+++ Data to examine +++

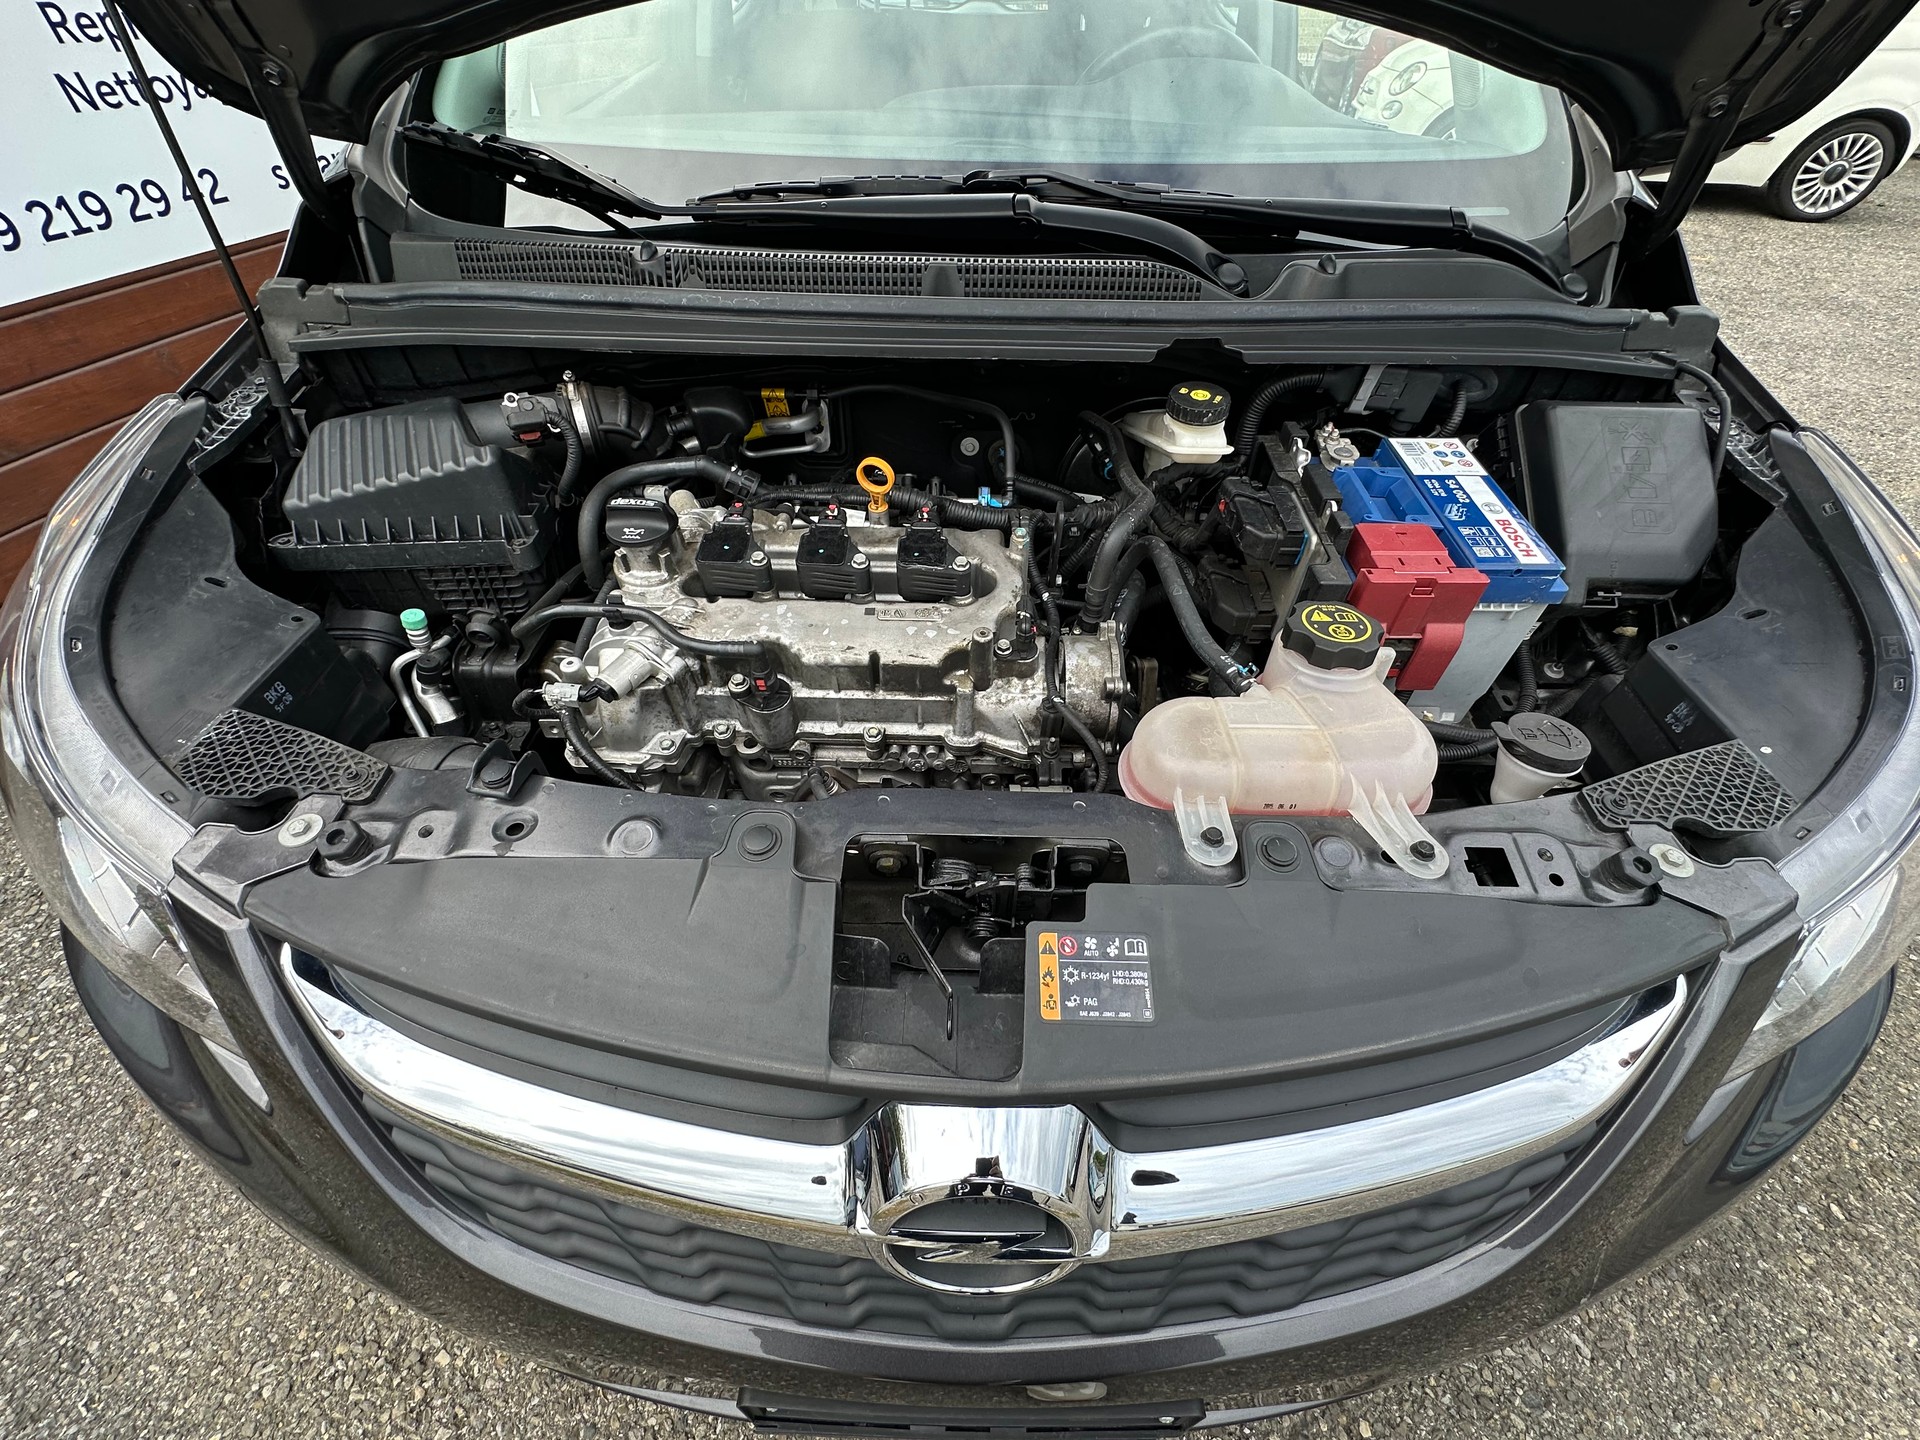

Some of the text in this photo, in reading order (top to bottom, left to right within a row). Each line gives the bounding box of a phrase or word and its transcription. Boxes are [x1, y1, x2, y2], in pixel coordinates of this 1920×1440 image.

[24, 190, 113, 243] 219
[115, 178, 172, 224] 29
[610, 497, 659, 507] dexos
[1452, 489, 1470, 503] 002
[1494, 519, 1538, 558] BOSCH
[263, 681, 286, 705] BKB
[1083, 949, 1099, 957] AUTO
[1081, 972, 1110, 982] R-1234yf
[1083, 998, 1098, 1006] PAG
[908, 1182, 1052, 1210] OPEL

+++

» Brief
Return every line of the data above exactly, and omit all pictures.

» Problem solution
Some of the text in this photo, in reading order (top to bottom, left to right within a row). Each line gives the bounding box of a phrase or word and its transcription. Boxes are [x1, y1, x2, y2], in pixel coordinates of this 1920×1440 image.

[24, 190, 113, 243] 219
[115, 178, 172, 224] 29
[610, 497, 659, 507] dexos
[1452, 489, 1470, 503] 002
[1494, 519, 1538, 558] BOSCH
[263, 681, 286, 705] BKB
[1083, 949, 1099, 957] AUTO
[1081, 972, 1110, 982] R-1234yf
[1083, 998, 1098, 1006] PAG
[908, 1182, 1052, 1210] OPEL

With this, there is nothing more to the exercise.